SON CARACTERE Calme doux et réservé, il se montre assez exclusif avec ses maîtres, modérément patient avec les enfants, et méfiant envers les étrangers. Son caractère volontaire et têtu nécessite une éducation ferme mais douce. Il devra être mis en contact rapidement avec le milieu urbain afin de le familiariser avec le bruit mais également avec ses congénères.
Bien qu’il soit devenu, au fil du temps, un chien de compagnie, il conserve son instinct de chasseur. La vie en appartement n’est pas recommandée, et des sorties régulières s’imposent afin qu’il dépense son énergie.
Aspect général : Le Barzoï est un chien d’aspect aristocratique, de grande taille, de constitution à la fois sèche et robuste, de construction très légèrement allongée. Les femelles sont généralement plus longues que les mâles. Ossature forte, mais pas massive. Les os sont assez plats. La musculature est sèche, bien développée, surtout sur les cuisses, mais pas en relief. L’harmonie des formes et du mouvement est primordiale.
Yeux : Les yeux sont grands, expressifs, un peu à fleur de tête, de couleur noisette foncée ou brun foncé, en forme d’amande mais pas bridés, placés obliquement.
Oreilles : Les oreilles sont petites, minces, mobiles, attachées au-dessus de la ligne de l’oeil et en arrière, dirigées presque vers la nuque quand le chien n’est pas attentif. Les extrémités des oreilles sont situées l’une près de l’autre ou dirigées vers le bas le long du cou et bien serrées contre lui. Quand le chien est en éveil les oreilles sont portées plus haut et sur les côtés ou vers l’avant ; parfois une ou les deux oreilles sont dressées en « oreilles de cheval ».
Encolure : Le cou est long, sec, aplati latéralement, musclé, légèrement galbé, jamais porté haut.
Queue : Queue en forme de faucille ou de sabre, attachée bas, mince, longue. Passée entre les membres postérieurs, elle doit atteindre la saillie de l’os iliaque ; elle est garnie d’un panache abondant. Quand le chien est en station libre, le fouet retombe vers le bas. En action, il est relevé, mais sans dépasser le niveau du dos.

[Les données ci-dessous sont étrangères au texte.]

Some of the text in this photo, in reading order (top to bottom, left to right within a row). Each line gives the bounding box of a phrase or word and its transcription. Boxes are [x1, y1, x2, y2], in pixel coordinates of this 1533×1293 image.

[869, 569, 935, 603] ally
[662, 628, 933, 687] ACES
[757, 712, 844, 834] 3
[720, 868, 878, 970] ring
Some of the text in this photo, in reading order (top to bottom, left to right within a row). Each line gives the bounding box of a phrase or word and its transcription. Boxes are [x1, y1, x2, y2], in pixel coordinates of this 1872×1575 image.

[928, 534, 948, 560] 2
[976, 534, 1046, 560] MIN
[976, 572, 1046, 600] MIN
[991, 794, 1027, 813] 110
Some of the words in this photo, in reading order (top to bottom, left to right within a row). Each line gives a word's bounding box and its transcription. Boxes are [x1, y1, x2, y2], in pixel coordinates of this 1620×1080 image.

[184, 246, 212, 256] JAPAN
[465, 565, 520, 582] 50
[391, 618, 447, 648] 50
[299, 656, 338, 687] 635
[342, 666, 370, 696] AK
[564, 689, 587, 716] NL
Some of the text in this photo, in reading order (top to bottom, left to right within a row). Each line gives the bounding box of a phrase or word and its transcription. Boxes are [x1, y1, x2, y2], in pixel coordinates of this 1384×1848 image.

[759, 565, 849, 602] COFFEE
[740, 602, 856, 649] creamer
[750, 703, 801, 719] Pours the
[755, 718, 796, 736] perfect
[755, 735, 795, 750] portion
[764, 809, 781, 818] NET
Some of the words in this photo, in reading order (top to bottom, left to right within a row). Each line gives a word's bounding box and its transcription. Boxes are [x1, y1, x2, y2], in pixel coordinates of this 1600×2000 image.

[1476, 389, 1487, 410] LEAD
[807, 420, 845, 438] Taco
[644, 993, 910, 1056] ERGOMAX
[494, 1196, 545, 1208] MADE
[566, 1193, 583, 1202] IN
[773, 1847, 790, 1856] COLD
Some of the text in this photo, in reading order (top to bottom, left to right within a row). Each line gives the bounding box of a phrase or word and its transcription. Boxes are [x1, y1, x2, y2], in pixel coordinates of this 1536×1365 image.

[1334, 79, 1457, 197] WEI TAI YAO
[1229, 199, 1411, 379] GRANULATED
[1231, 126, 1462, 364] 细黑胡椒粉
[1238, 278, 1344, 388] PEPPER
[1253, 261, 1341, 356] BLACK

Poil : Les poil est soyeux, doux et souple, ondulé ou formant des boucles courtes, mais jamais de petites boucles serrées. Sur la tête, les oreilles et les membres, le poil est satiné (soyeux mais plus lourd), court, bien couché contre le corps. Sur le corps, le poil est assez long, ondulé ; sur les régions des omoplates et de la croupe il forme des boucles plus fines ; sur les côtes et les cuisses le poil est plus court ; le poil formant les franges, les culottes et le panache de la queue est plus long. Le poil sur le cou est dense et abondant.
Couleur : Combinaison de toutes les couleurs, mais jamais avec le bleu, le marron (chocolat) et tous les dérivés de ces couleurs. Toutes les couleurs peuvent être uniformes ou pie. Les franges, les culottes, le panache de la queue sont considérablement plus clairs que la couleur de fond. Pour les couleurs charbonnées le masque noir est typique.